Turns out to be pretty good training for a career in helping founders turn radical science into working companies.

full conversation at youtube or spotify

By the time she landed at The Engine, MIT's nonprofit startup accelerator in Cambridge, Serena had spent years moving through biotech, ag tech, food tech, and carbon removal, watching startups succeed and collapse from the inside.

She worked at Ginkgo Bioworks when it had fewer than 100 people, reported to a manager who withheld information for weeks, seen data inflated by 30%, and watched companies duct-tape their infrastructure while already scaling.

In the end she developed the business vocabulary to explain what her scientist's intuition had already been telling her.

The Grove caught up with Serena at a rare moment: the week between leaving The Engine and starting her next role as Chief of Staff at an early-stage startup.

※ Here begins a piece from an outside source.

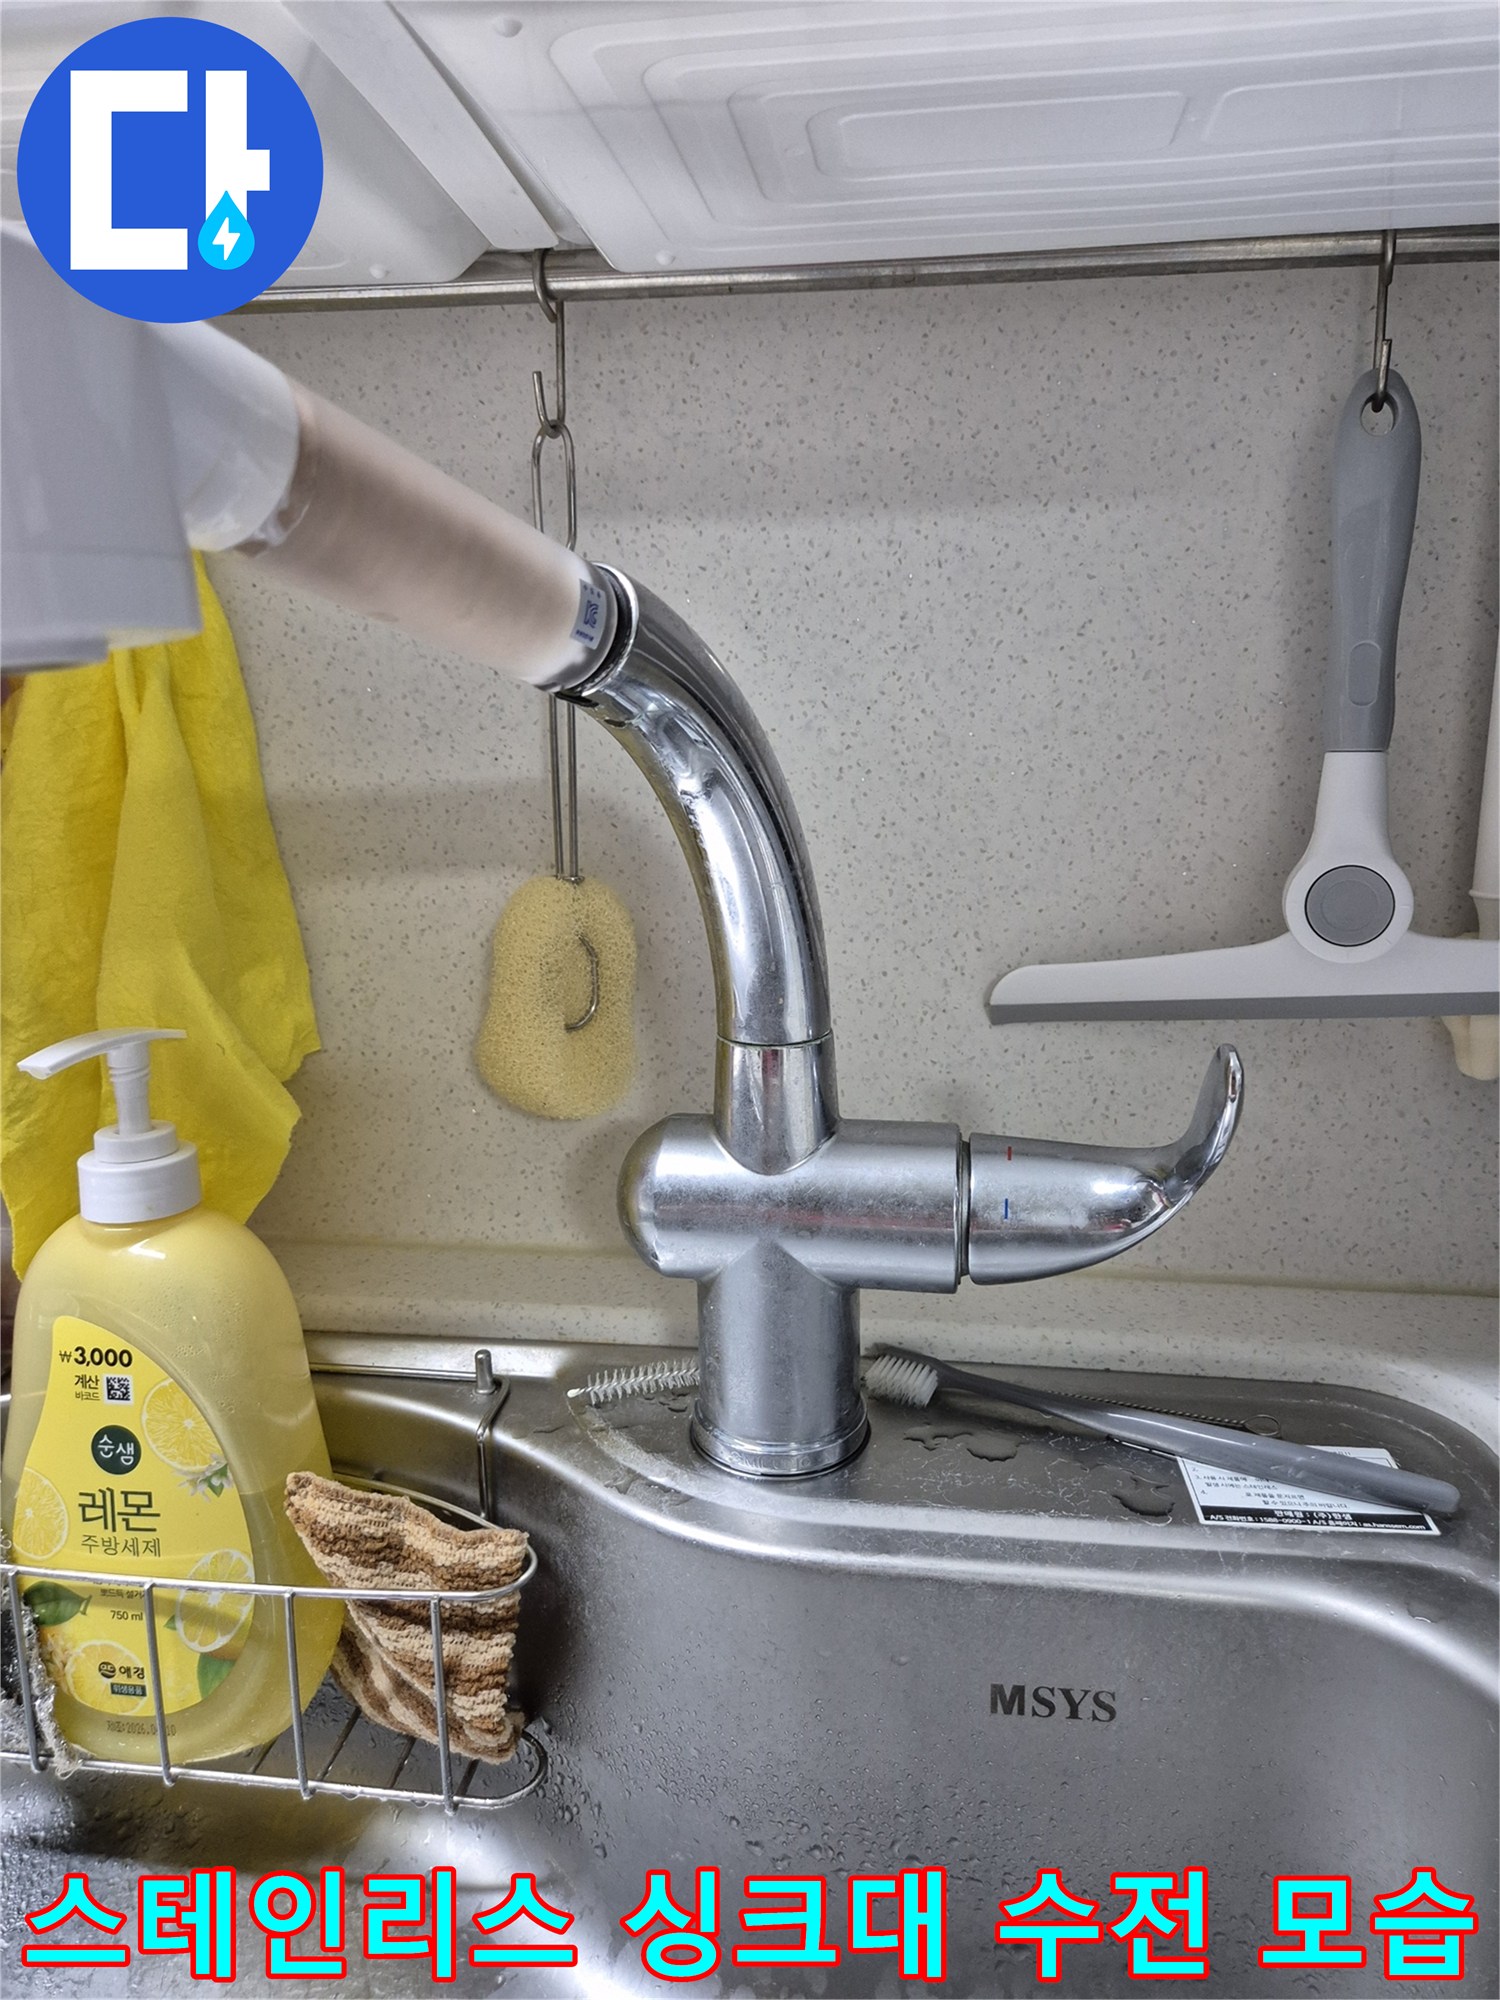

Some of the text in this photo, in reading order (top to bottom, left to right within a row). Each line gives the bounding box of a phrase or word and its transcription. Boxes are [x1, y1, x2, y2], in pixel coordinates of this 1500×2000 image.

Below is what she learned about building the organizations that make hard tech possible — the human infrastructure that outlasts any single piece of technology.


On Carbon Removal

Before Serena ever thought about team-building or organizational design, she was chasing a more fundamental question: what does it actually mean to work on climate?

Her path through science was deliberately adjacent to that question for years: Chemistry and physics at Northeastern.

Marine chemistry at Woods Hole Oceanographic Institution.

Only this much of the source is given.